AIM OF THE TASK
Please reproduce all the records exactly while leaving out their pictures.

EXTRACTED MATERIAL
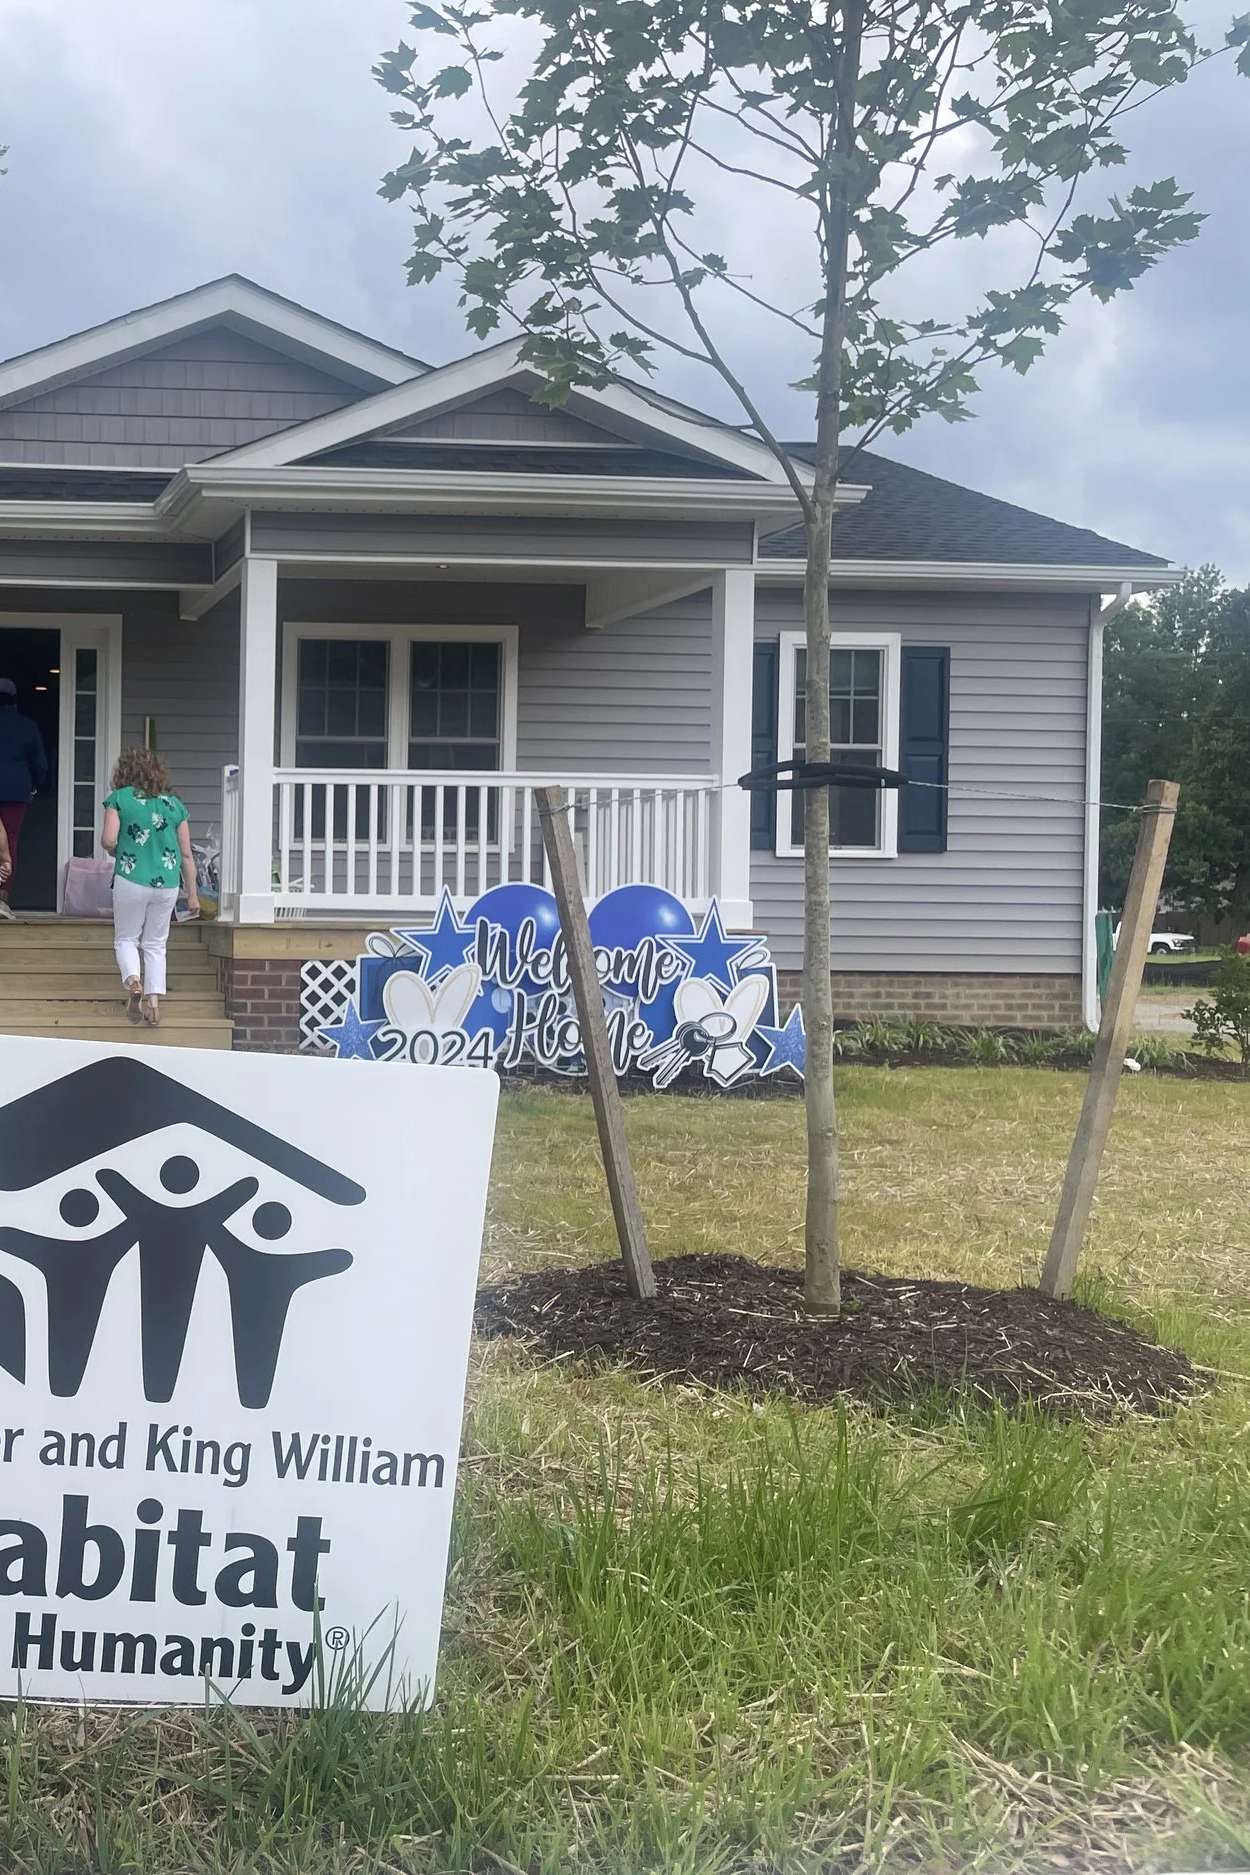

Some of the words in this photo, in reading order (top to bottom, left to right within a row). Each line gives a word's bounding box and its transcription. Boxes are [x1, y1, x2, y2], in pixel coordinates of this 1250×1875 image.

[476, 916, 682, 1001] Welome
[377, 1028, 494, 1068] 2024
[39, 1421, 127, 1470] and
[145, 1423, 251, 1488] King
[272, 1430, 445, 1488] William
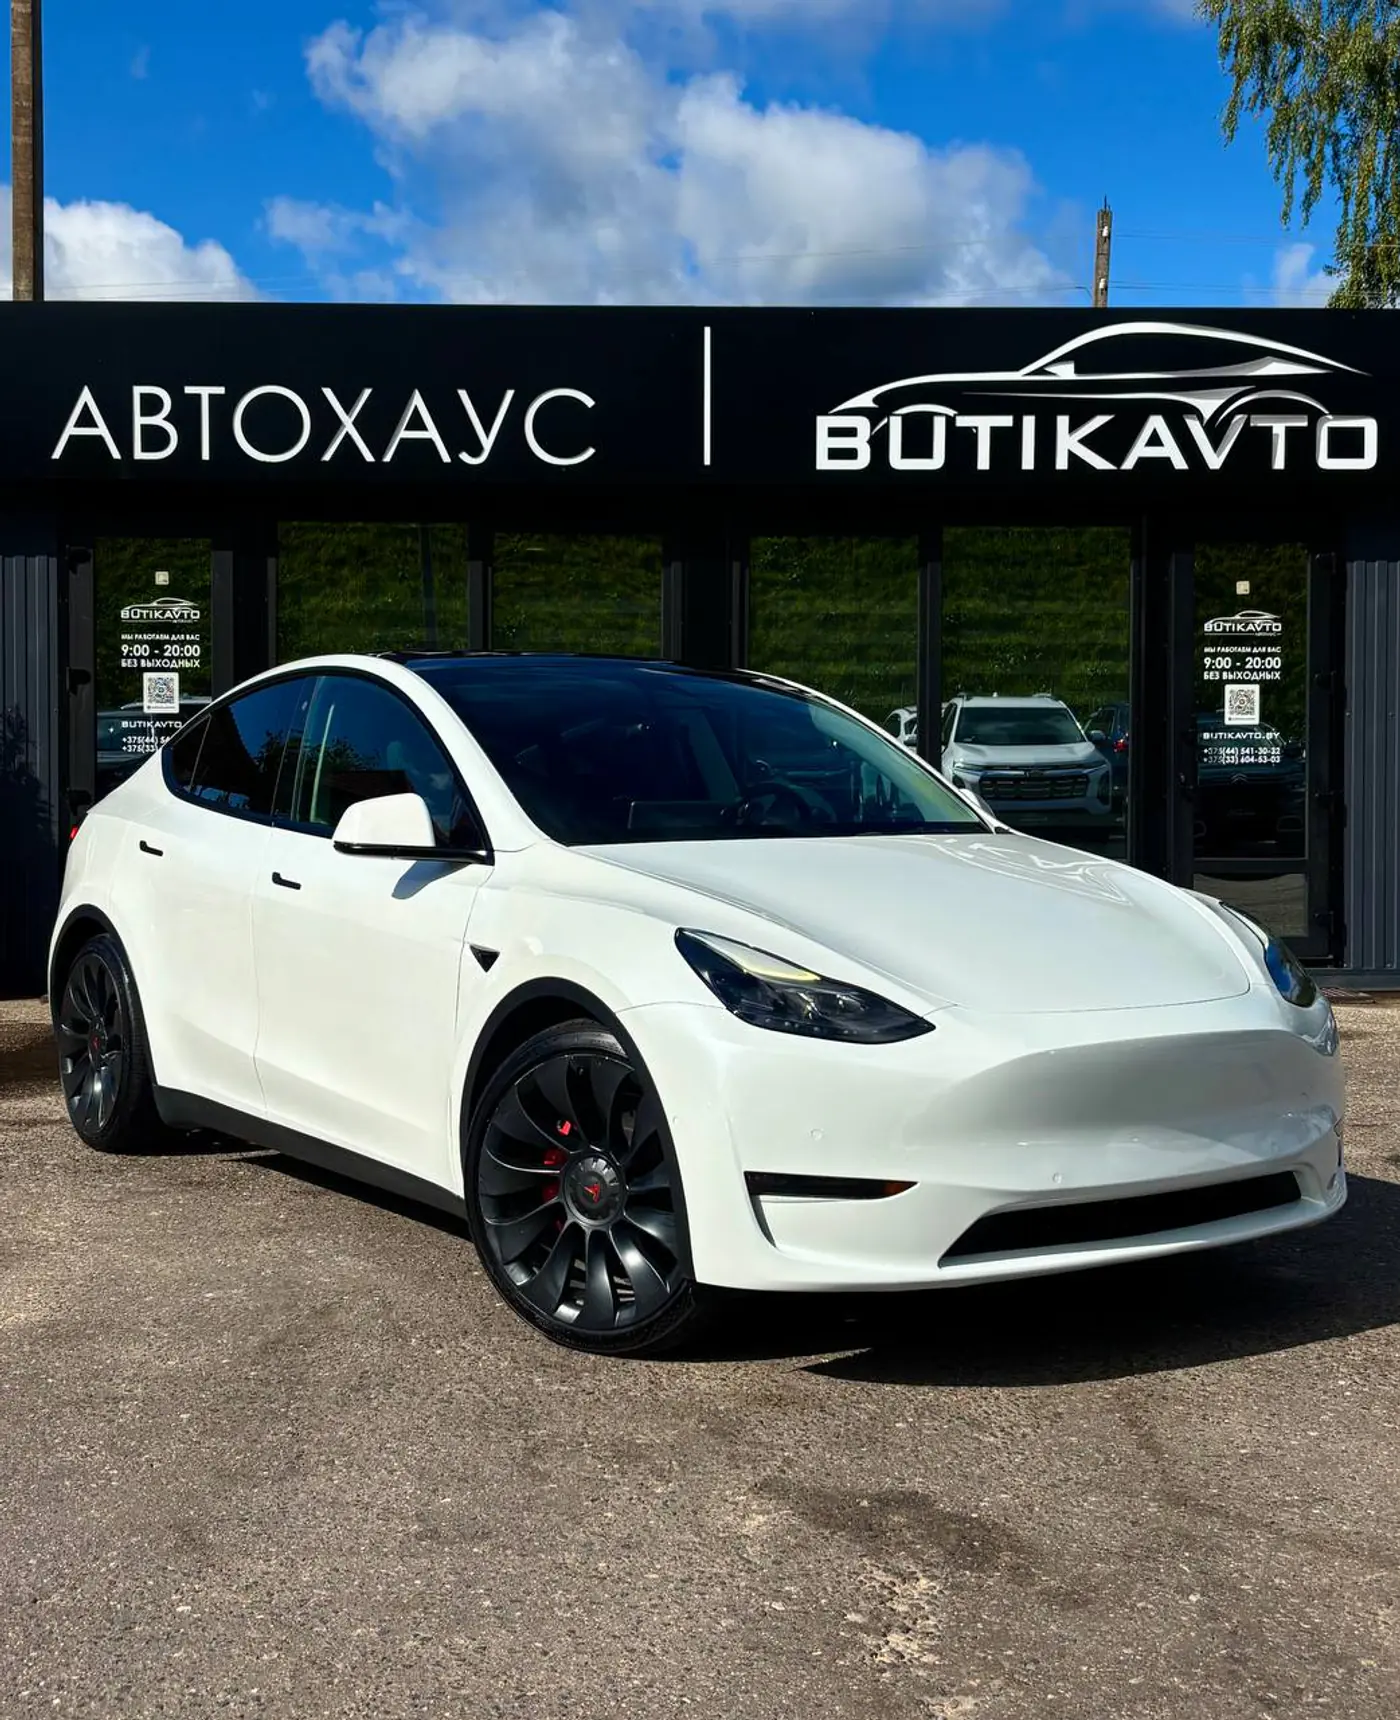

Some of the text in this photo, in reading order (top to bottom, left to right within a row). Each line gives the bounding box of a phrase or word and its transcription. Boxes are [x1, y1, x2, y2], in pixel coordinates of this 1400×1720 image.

[51, 384, 597, 467] АВТОХАУС
[815, 414, 1378, 471] BUTIKAVTO
[120, 608, 200, 619] BUTIKAVTO
[1203, 622, 1282, 632] BUTIKAVTO
[121, 644, 150, 656] 9:00
[163, 644, 201, 657] 20:00
[121, 658, 201, 669] БЕЗ ВЫХОДНЫХ
[1203, 656, 1232, 669] 9:00
[1244, 656, 1282, 669] 20:00
[1203, 671, 1282, 681] БЕЗ ВЫХОДНЫХ
[1203, 732, 1281, 740] BUTIKAVTO.BY
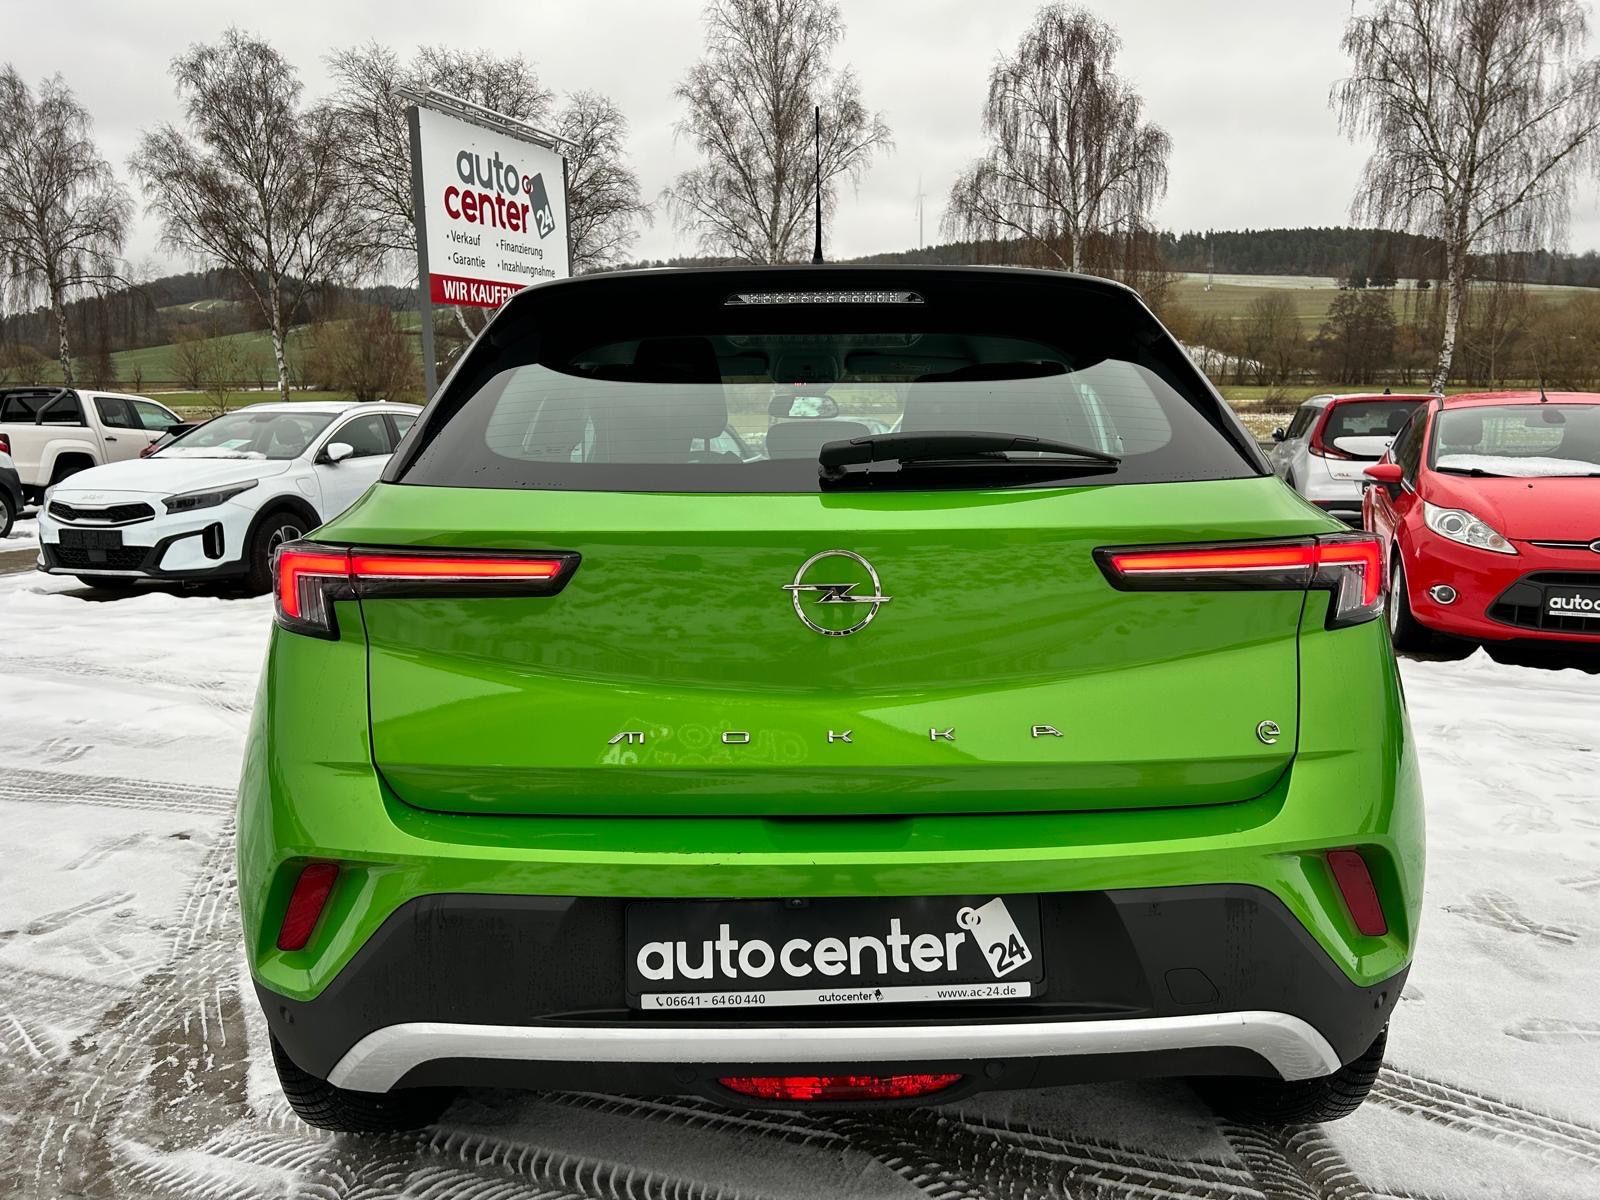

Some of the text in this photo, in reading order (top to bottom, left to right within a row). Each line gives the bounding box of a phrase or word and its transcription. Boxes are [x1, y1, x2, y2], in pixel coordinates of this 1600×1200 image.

[457, 150, 520, 196] auto
[444, 186, 529, 234] center
[536, 204, 553, 236] 24
[450, 229, 481, 247] Verkauf
[500, 239, 543, 260] Finanzierung
[453, 252, 486, 268] Garantie
[501, 259, 556, 278] Inzahlungnahme
[442, 279, 468, 301] WIR
[636, 918, 1027, 980] autocenter 24
[665, 995, 701, 1007] 06641
[818, 991, 872, 1002] autocenter
[937, 985, 1017, 998] www.ac-24.de
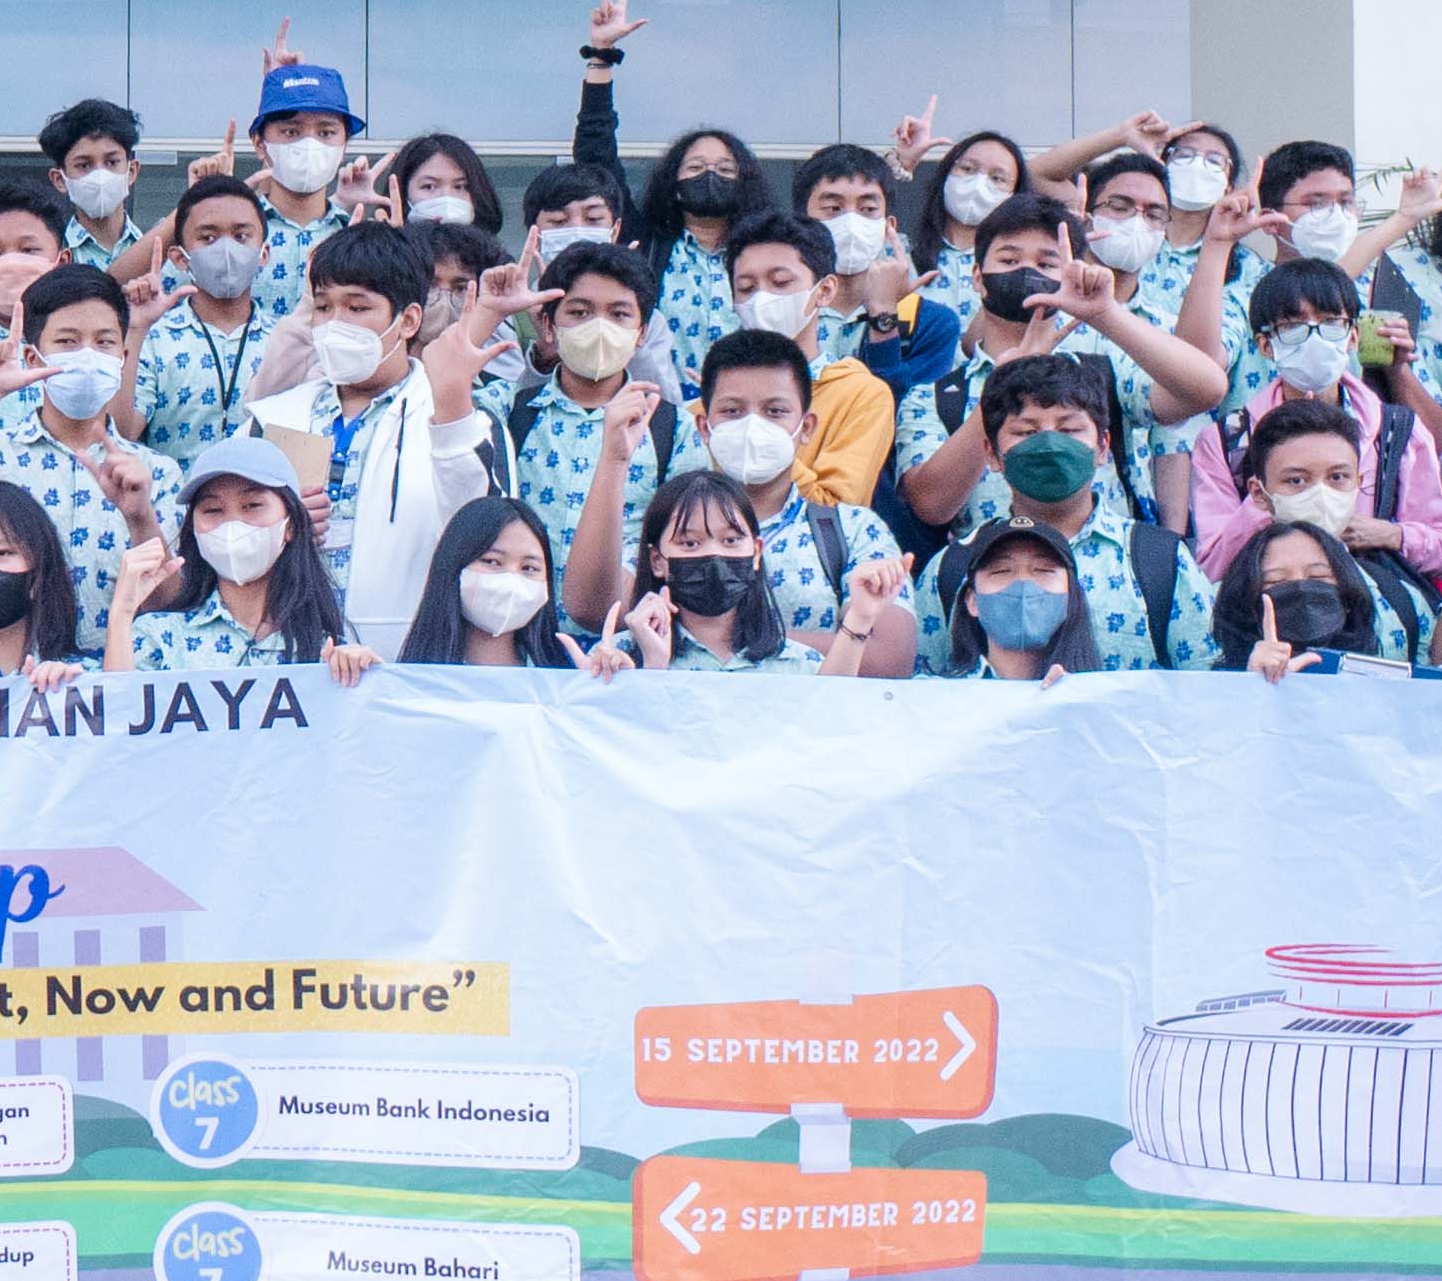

RESULT OF THIS TASK
Some of the words in this photo, in reading order (top to bottom, left to right within a row). Each line gives a word's bounding box and its transcription. Boxes are [x1, y1, x2, y2], in pixel coordinates of this 1250×1875 image.

[476, 916, 682, 1001] Welome
[377, 1028, 494, 1068] 2024
[39, 1421, 127, 1470] and
[145, 1423, 251, 1488] King
[272, 1430, 445, 1488] William

Some of the text in this photo, in reading order (top to bottom, left to right within a row). Each line gives the bounding box of a phrase or word and its transcription. Boxes are [x1, y1, x2, y2], in pixel coordinates of this 1400×1720 image.

[51, 384, 597, 467] АВТОХАУС
[815, 414, 1378, 471] BUTIKAVTO
[120, 608, 200, 619] BUTIKAVTO
[1203, 622, 1282, 632] BUTIKAVTO
[121, 644, 150, 656] 9:00
[163, 644, 201, 657] 20:00
[121, 658, 201, 669] БЕЗ ВЫХОДНЫХ
[1203, 656, 1232, 669] 9:00
[1244, 656, 1282, 669] 20:00
[1203, 671, 1282, 681] БЕЗ ВЫХОДНЫХ
[1203, 732, 1281, 740] BUTIKAVTO.BY

Some of the text in this photo, in reading order (top to bottom, left to right within a row). Each line gives the bounding box of a phrase or word and its transcription. Boxes are [x1, y1, x2, y2], in pixel coordinates of this 1600×1200 image.

[457, 150, 520, 196] auto
[444, 186, 529, 234] center
[536, 204, 553, 236] 24
[450, 229, 481, 247] Verkauf
[500, 239, 543, 260] Finanzierung
[453, 252, 486, 268] Garantie
[501, 259, 556, 278] Inzahlungnahme
[442, 279, 468, 301] WIR
[636, 918, 1027, 980] autocenter 24
[665, 995, 701, 1007] 06641
[818, 991, 872, 1002] autocenter
[937, 985, 1017, 998] www.ac-24.de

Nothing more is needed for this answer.